Science, Life Science
Grade 5- 8
Students create food webs for animals in the arctic.
Discuss with students the fact that living things need food in order to survive. A food chain shows how living things need each other for food. A green plant is usually found at the bottom of a food chain. The plant uses energy from the sun to carry on a process called photosynthesis. This allows the plant to produce its own food. As a result, the plant in a food chain is called a producer.
The producer, or plant, is eaten by an animal that is a herbivore, which is an animal that eats only plants, or an omnivore, which is an animal that eats plants and other animals. On the food chain, the animal that eats the producer is called a consumer. This is because it consumes the producer.
In the next part of a food chain, the consumer is eaten by another animal that is a carnivore, which is an animal that eats only meat, or an omnivore. This animal is also called a consumer.

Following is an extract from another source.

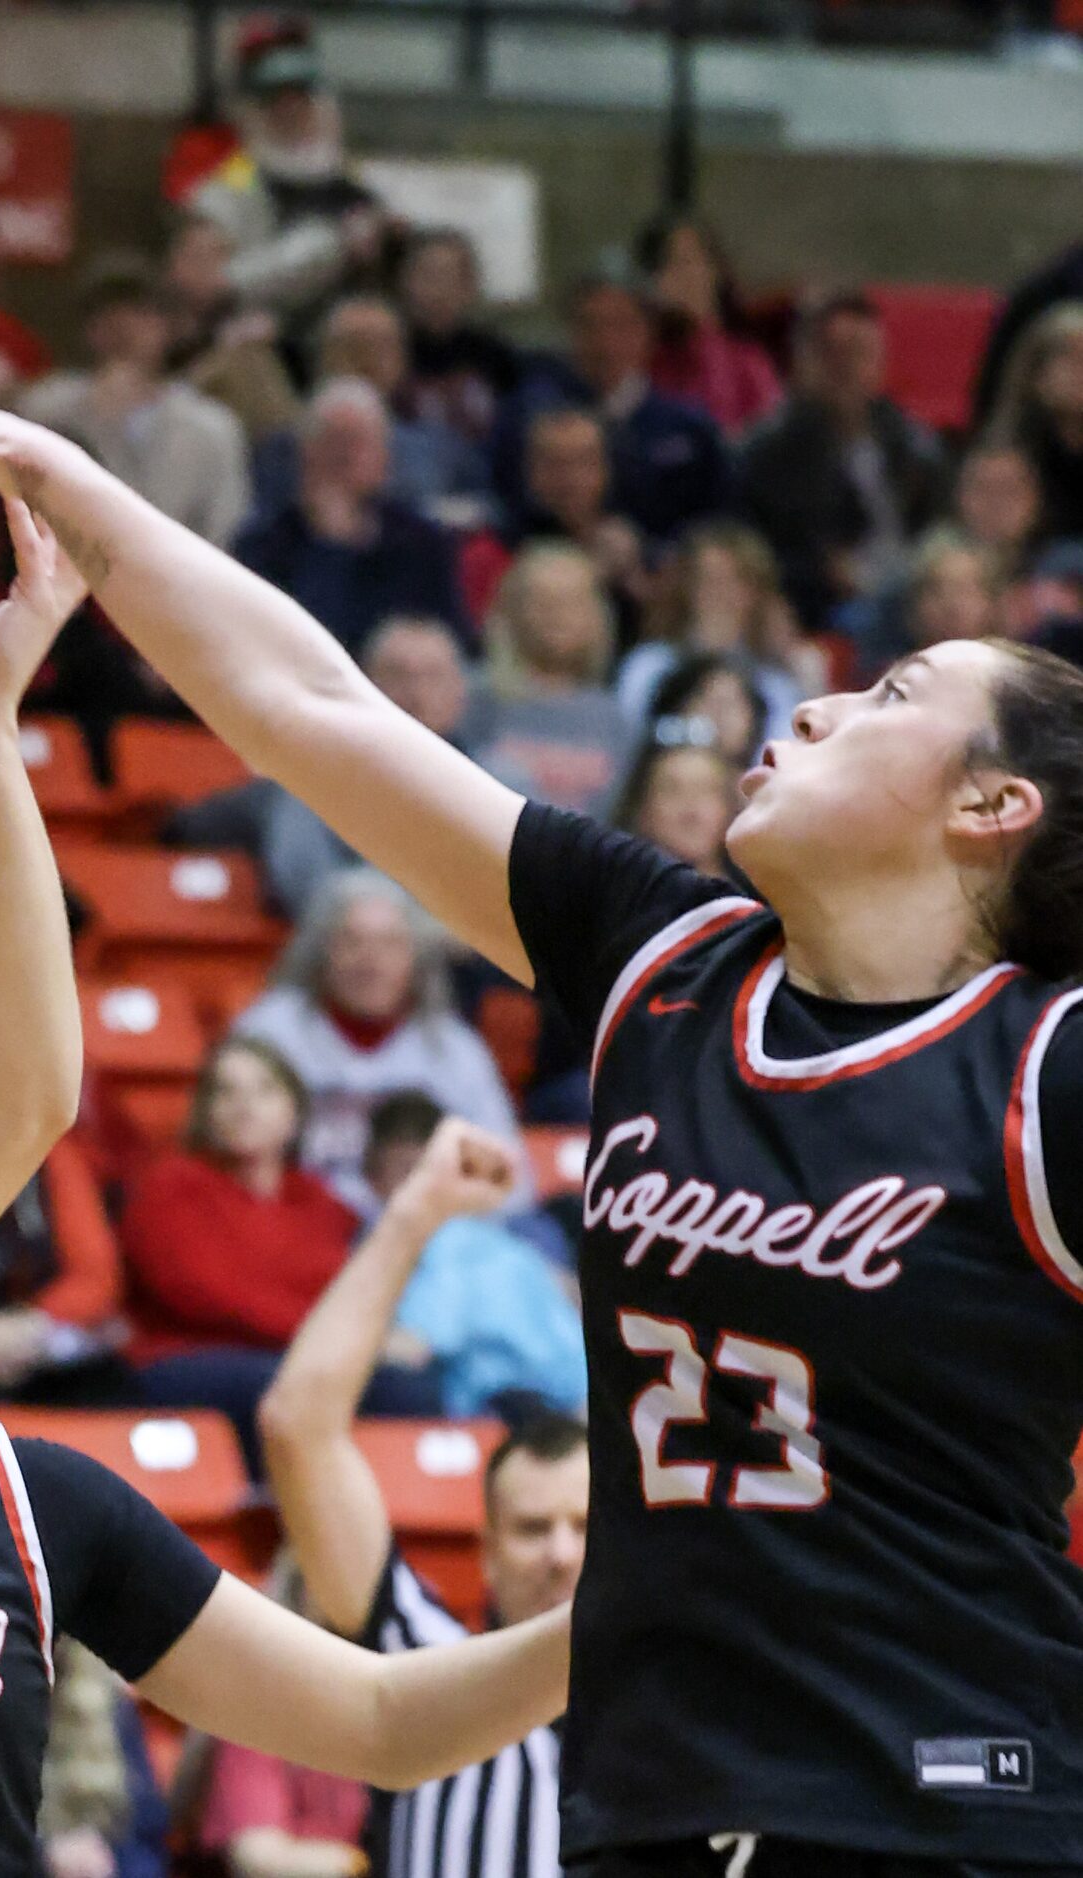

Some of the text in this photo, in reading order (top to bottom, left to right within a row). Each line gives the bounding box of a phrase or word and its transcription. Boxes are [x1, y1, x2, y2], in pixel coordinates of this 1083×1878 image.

[583, 1114, 948, 1290] Coppell
[616, 1307, 831, 1511] 23
[998, 1752, 1020, 1776] M

Here is an example of a food chain. Notice that the arrows start with the producer and point toward the consumers.
Producer --> Consumer --> Consumer
(Grass) --> (Grasshopper) --> (Bird)
There are many food chains living in a community. Some are very simple, while others are more complex. Since most animals eat more than one type of food, they might have several different food chains that can be made. When food chains connect or overlap, it is called a food web. If one part of the food web becomes extinct, the entire web may be affected, causing drastic consequences.
Write these examples of food webs on the board:
Snowy Owl --> Lemming --> Plants
Snowy Owl --> Arctic Hare --> Plants
Snowy Owl --> Ground Squirrel --> Plants
Ask students if they can create a food web that begins with humans. Have them write some possible webs on the board. Discuss what we are dependant on in order to survive.
Distribute copies of the Arctic Food Web activity sheet to students. Have them use any resource materials available to complete the activity.